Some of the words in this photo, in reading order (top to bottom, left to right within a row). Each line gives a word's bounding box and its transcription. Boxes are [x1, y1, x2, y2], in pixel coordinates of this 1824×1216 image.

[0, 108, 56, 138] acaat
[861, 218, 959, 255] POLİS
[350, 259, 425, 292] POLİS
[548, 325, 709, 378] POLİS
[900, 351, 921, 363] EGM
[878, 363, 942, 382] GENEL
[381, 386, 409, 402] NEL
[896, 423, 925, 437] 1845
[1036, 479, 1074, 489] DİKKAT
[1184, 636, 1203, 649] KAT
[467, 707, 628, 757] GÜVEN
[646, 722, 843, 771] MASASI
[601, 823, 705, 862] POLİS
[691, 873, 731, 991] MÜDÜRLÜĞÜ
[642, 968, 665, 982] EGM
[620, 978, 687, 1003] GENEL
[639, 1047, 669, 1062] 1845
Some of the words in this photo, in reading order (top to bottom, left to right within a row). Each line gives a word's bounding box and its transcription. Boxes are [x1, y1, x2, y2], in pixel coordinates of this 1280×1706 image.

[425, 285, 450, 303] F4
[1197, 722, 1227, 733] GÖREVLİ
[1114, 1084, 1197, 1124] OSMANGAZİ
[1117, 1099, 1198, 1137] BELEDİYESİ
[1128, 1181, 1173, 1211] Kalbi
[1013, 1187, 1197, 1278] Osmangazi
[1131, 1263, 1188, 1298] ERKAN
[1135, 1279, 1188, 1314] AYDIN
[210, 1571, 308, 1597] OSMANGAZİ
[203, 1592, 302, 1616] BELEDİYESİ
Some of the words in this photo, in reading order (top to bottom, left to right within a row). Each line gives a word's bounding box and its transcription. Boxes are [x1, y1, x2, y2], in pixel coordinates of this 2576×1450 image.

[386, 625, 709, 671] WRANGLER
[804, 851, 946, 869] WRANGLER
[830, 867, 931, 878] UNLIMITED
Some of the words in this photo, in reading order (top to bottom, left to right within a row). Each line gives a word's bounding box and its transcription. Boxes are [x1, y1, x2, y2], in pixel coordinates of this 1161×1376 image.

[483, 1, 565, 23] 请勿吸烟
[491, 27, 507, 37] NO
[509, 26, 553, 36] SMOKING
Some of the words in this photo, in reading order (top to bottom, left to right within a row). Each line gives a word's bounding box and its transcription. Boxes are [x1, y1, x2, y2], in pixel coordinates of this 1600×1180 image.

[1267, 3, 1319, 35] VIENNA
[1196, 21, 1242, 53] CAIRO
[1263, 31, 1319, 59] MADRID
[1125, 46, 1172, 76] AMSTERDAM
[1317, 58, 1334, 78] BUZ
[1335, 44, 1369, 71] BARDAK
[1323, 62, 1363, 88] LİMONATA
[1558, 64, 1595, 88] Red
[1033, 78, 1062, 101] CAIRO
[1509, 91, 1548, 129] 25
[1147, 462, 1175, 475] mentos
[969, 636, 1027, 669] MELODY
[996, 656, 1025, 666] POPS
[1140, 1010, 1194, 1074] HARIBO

GOAL OF THE EXERCISE:
Retype the listing above exactly as it appears.

ANSWER SPACE:
Some of the words in this photo, in reading order (top to bottom, left to right within a row). Each line gives a word's bounding box and its transcription. Boxes are [x1, y1, x2, y2], in pixel coordinates of this 1824×1216 image.

[0, 108, 56, 138] acaat
[861, 218, 959, 255] POLİS
[350, 259, 425, 292] POLİS
[548, 325, 709, 378] POLİS
[900, 351, 921, 363] EGM
[878, 363, 942, 382] GENEL
[381, 386, 409, 402] NEL
[896, 423, 925, 437] 1845
[1036, 479, 1074, 489] DİKKAT
[1184, 636, 1203, 649] KAT
[467, 707, 628, 757] GÜVEN
[646, 722, 843, 771] MASASI
[601, 823, 705, 862] POLİS
[691, 873, 731, 991] MÜDÜRLÜĞÜ
[642, 968, 665, 982] EGM
[620, 978, 687, 1003] GENEL
[639, 1047, 669, 1062] 1845
Some of the words in this photo, in reading order (top to bottom, left to right within a row). Each line gives a word's bounding box and its transcription. Boxes are [x1, y1, x2, y2], in pixel coordinates of this 1280×1706 image.

[425, 285, 450, 303] F4
[1197, 722, 1227, 733] GÖREVLİ
[1114, 1084, 1197, 1124] OSMANGAZİ
[1117, 1099, 1198, 1137] BELEDİYESİ
[1128, 1181, 1173, 1211] Kalbi
[1013, 1187, 1197, 1278] Osmangazi
[1131, 1263, 1188, 1298] ERKAN
[1135, 1279, 1188, 1314] AYDIN
[210, 1571, 308, 1597] OSMANGAZİ
[203, 1592, 302, 1616] BELEDİYESİ
Some of the words in this photo, in reading order (top to bottom, left to right within a row). Each line gives a word's bounding box and its transcription. Boxes are [x1, y1, x2, y2], in pixel coordinates of this 2576×1450 image.

[386, 625, 709, 671] WRANGLER
[804, 851, 946, 869] WRANGLER
[830, 867, 931, 878] UNLIMITED
Some of the words in this photo, in reading order (top to bottom, left to right within a row). Each line gives a word's bounding box and its transcription. Boxes are [x1, y1, x2, y2], in pixel coordinates of this 1161×1376 image.

[483, 1, 565, 23] 请勿吸烟
[491, 27, 507, 37] NO
[509, 26, 553, 36] SMOKING
Some of the words in this photo, in reading order (top to bottom, left to right within a row). Each line gives a word's bounding box and its transcription. Boxes are [x1, y1, x2, y2], in pixel coordinates of this 1600×1180 image.

[1267, 3, 1319, 35] VIENNA
[1196, 21, 1242, 53] CAIRO
[1263, 31, 1319, 59] MADRID
[1125, 46, 1172, 76] AMSTERDAM
[1317, 58, 1334, 78] BUZ
[1335, 44, 1369, 71] BARDAK
[1323, 62, 1363, 88] LİMONATA
[1558, 64, 1595, 88] Red
[1033, 78, 1062, 101] CAIRO
[1509, 91, 1548, 129] 25
[1147, 462, 1175, 475] mentos
[969, 636, 1027, 669] MELODY
[996, 656, 1025, 666] POPS
[1140, 1010, 1194, 1074] HARIBO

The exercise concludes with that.